Sacubitril Valsartan is an angiotensin receptor-neprilysin inhibitor (ARNI in short). It is available by the brand names Entresto and Uperio. Entersto mechanism of action is unique and is especially recommended in patients with Heart Failure and reduced Ejection Fraction.
Entresto is a combination of a neprilysin antagonist (Sacubitril) and an ARB (Valsartan). This combination drug was designed to prevent the harmful effects of renin-angiotensin-aldosterone (RAAS) activation. It also raises levels of potentially beneficial endogenous vasoactive Peptides, especially natriuretic peptides that are normally degraded by the enzyme Neprilysin.
Entresto Mechanism of Action in HFrEF:
HF therapy is focused on reducing neurohormonal activation that causes damage to the RAAS, and the sympathetic nervous system. Another strategy for treating HF is to augment beneficial counter-regulatory systems such as natriuretic Peptides. The inhibition of neprilysin, a neutral endopeptidase, raises endogenous vasoactive peptide levels, which may have beneficial effects on patients with HF.
There have been two pharmacologic strategies to inhibit neprilysin as well as the RAAS system. While the first (omapatrilat), was hampered by an unacceptable adverse reaction, the second (sacubitril–valsartan), has shown improved outcomes for patients with HFrEF than the ACE inhibitor.

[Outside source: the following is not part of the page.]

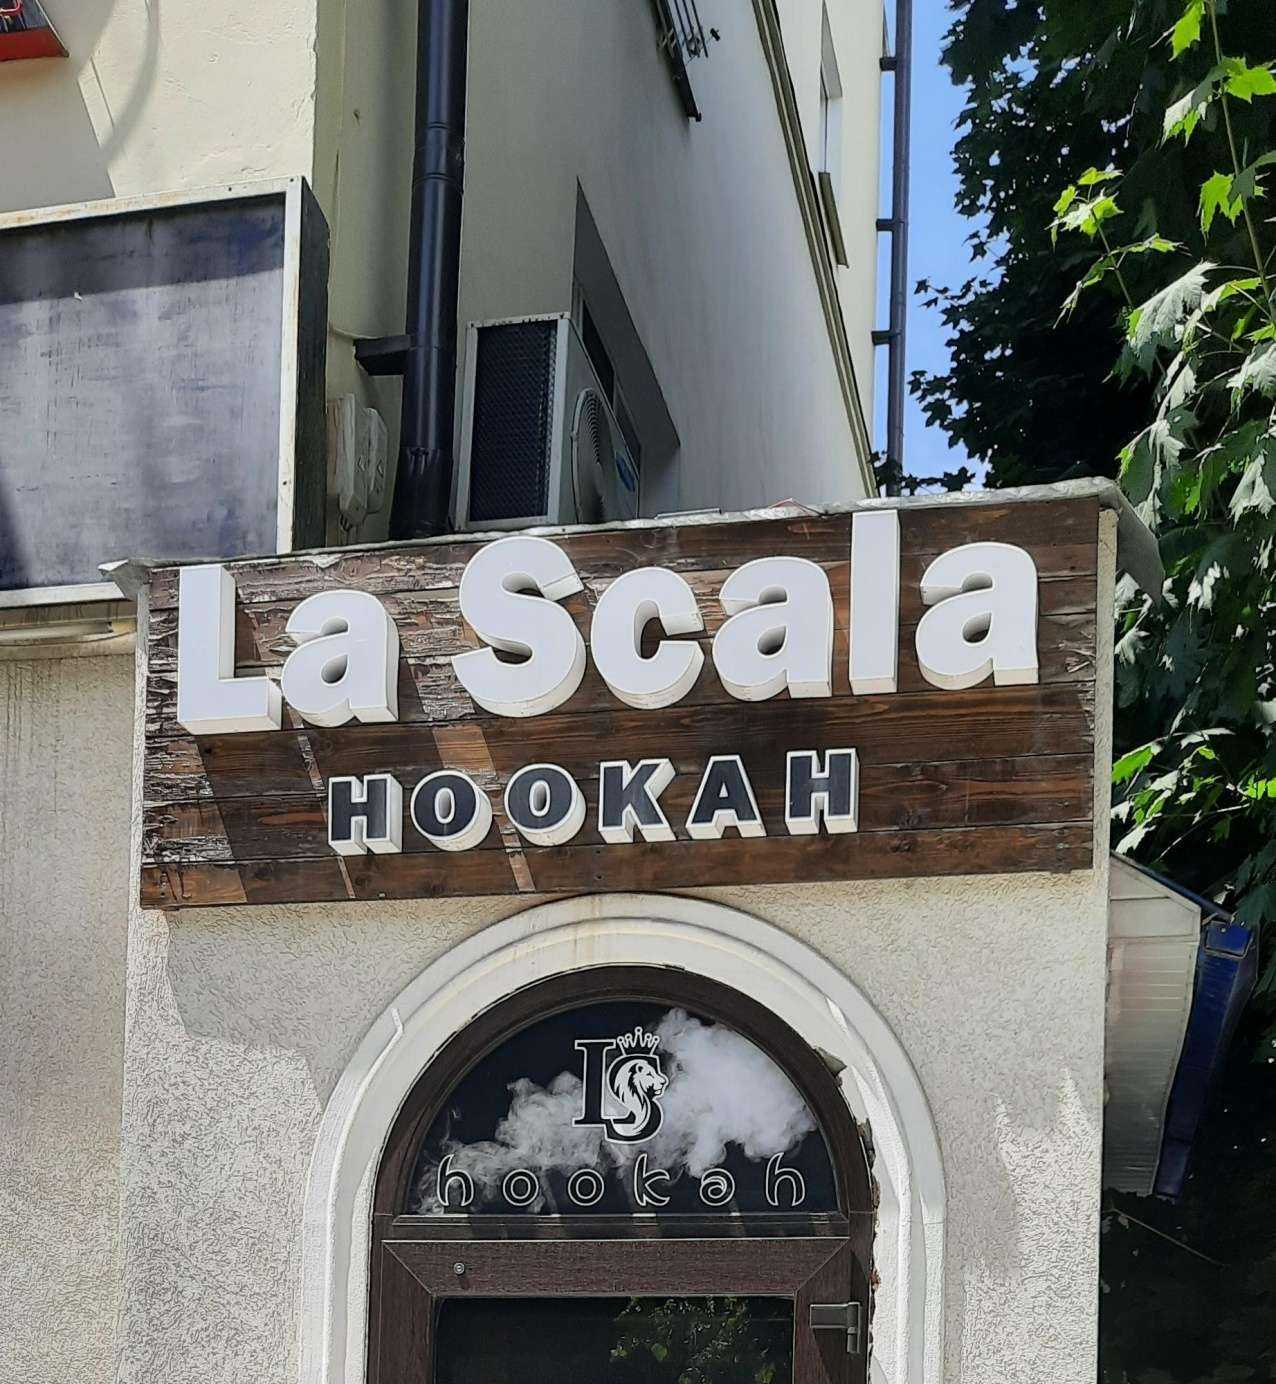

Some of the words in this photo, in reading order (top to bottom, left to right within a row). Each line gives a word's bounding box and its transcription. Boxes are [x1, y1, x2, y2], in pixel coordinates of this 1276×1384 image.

[176, 563, 400, 736] La
[451, 509, 1040, 718] Scala
[327, 748, 860, 856] HOOKAH
[436, 1152, 806, 1207] hookah

Omapatrilat Vs Entresto Mechanism of Action in HFrEF:
Omapatrilat is a compound that inhibited neprilysin, angiotensin-converting protein (ACE), and aminopeptidase P. This resulted in increased levels of bradykinin and unacceptable rates of angioedema.
The combination of a neprilysin inhibitor with an angiotensin-receptor blocker (ARB), to make an angiotensin-receptor-neprilysin inhibitor (ARNI) was the strategy that proved most successful in improving outcomes in HFrEF.

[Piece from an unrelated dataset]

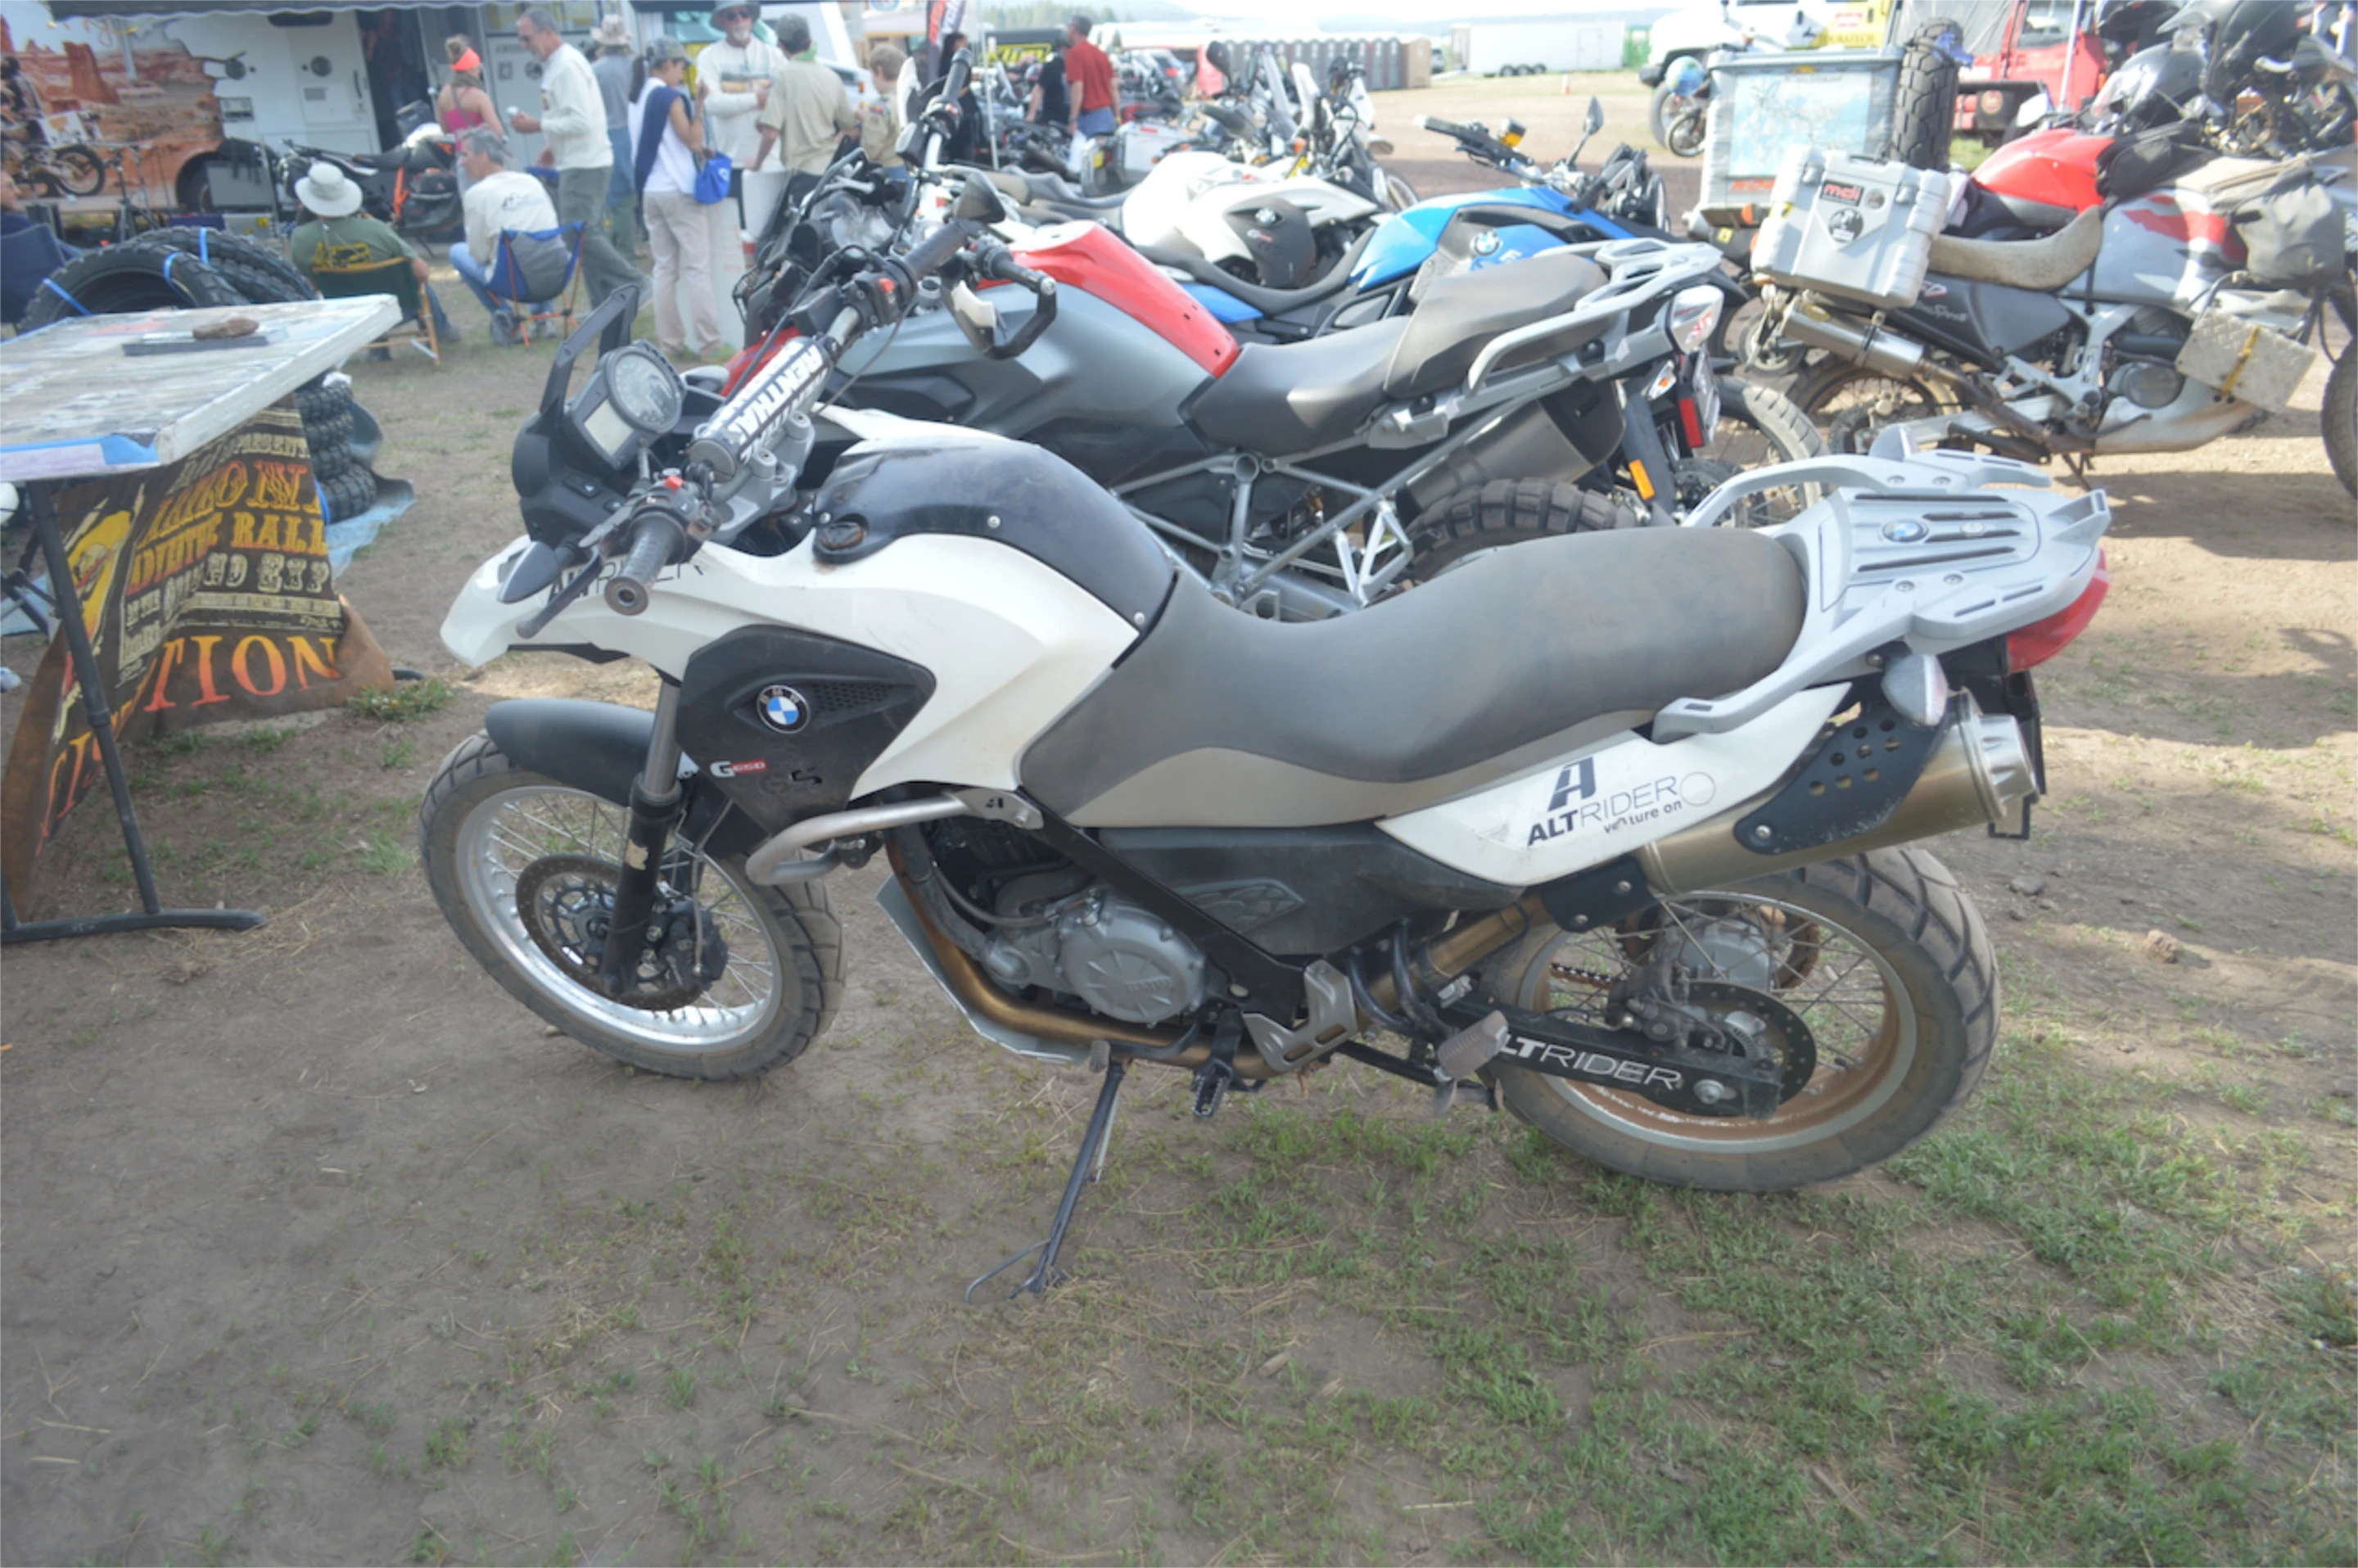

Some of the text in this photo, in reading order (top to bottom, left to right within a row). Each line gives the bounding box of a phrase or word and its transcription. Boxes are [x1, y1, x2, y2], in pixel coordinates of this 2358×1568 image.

[1526, 775, 1678, 847] ALTRIDER
[1663, 799, 1683, 814] on
[1500, 1032, 1683, 1091] LTRIDER

The ARB blocks the angiotensin-2 levels that are elevated due to neprilysin inhibitors. PARADIGM-HF showed that angioedema caused by ARNI was not significantly higher than that of the ACE inhibitor [Ref]. The rates of angioedema in acute HF patients were similar to those seen in PIONEER-HF. They did not differ between the sacubitril/valsartan (0.2%) and enalapril (1.4%) groups. Furthermore, Sacubitril Valsartan significantly reduced NT-Pro BNP compared to enalapril [Ref].
It is unclear what mechanism is responsible for the incremental benefits of neprilysin inhibitors over ARB alone. Ecadotril (a pure neprilysin inhibitor) was not found to be beneficial in patients with HF [Ref]. This is likely because the increased levels of angiotensin I, which can have deleterious effects on HF, offset the benefits of increasing favorable neurohormones (the Natriuretic Peptides).
In the ASCEND HF trial, the clinical outcomes for acute HF were not improved by the administration of nesiritide (B-type natriuretic peptide).
Clinical studies have shown that ARNI can reverse adverse remodeling in patients suffering from HFrEF. EVALUATE-HF, a short-term, randomized trial in 464 patients with heart failure (HFrEF), found that changes in aortic characteristic and ejection fractions were similar to sacubitril/valsartan and Enalapril. However, there was a significant decrease in left atrial volume with ARNI [Ref].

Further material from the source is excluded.